(Records for the task Opens)

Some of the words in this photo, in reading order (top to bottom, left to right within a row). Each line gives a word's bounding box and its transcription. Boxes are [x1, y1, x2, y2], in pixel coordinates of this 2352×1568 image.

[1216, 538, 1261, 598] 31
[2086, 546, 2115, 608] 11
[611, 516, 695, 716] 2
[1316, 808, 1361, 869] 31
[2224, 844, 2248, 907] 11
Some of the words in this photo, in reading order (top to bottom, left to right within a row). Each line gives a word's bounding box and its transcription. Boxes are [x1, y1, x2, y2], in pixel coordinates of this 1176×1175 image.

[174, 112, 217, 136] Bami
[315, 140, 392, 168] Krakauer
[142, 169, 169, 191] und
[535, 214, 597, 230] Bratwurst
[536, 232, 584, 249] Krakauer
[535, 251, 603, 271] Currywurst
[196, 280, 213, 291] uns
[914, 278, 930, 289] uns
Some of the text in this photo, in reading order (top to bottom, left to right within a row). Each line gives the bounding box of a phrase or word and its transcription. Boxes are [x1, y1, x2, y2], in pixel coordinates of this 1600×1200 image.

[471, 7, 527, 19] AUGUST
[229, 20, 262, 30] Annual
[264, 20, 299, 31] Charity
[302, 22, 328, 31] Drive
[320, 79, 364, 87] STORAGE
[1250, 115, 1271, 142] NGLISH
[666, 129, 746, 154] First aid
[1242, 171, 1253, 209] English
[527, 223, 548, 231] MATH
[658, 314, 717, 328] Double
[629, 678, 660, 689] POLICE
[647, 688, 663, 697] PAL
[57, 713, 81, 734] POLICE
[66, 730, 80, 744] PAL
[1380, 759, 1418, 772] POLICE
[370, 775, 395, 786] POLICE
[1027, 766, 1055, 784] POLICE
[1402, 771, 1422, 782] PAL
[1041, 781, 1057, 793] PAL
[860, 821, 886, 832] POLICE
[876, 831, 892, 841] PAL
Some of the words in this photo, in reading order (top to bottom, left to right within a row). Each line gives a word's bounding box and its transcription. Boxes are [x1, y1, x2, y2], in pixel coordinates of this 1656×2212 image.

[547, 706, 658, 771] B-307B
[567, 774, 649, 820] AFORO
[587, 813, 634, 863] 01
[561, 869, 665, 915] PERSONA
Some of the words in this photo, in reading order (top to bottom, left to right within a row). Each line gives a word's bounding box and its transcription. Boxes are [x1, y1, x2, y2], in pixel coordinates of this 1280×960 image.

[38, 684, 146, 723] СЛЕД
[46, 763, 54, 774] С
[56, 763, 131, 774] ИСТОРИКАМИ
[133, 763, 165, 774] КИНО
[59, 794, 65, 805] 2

(Records for the task Closes)

## Task to complete
The answer must be the line containing "this 1656×2212 image." and every line after it to the end of the data, each set down exactly.

## Result below
Some of the words in this photo, in reading order (top to bottom, left to right within a row). Each line gives a word's bounding box and its transcription. Boxes are [x1, y1, x2, y2], in pixel coordinates of this 1656×2212 image.

[547, 706, 658, 771] B-307B
[567, 774, 649, 820] AFORO
[587, 813, 634, 863] 01
[561, 869, 665, 915] PERSONA
Some of the words in this photo, in reading order (top to bottom, left to right within a row). Each line gives a word's bounding box and its transcription. Boxes are [x1, y1, x2, y2], in pixel coordinates of this 1280×960 image.

[38, 684, 146, 723] СЛЕД
[46, 763, 54, 774] С
[56, 763, 131, 774] ИСТОРИКАМИ
[133, 763, 165, 774] КИНО
[59, 794, 65, 805] 2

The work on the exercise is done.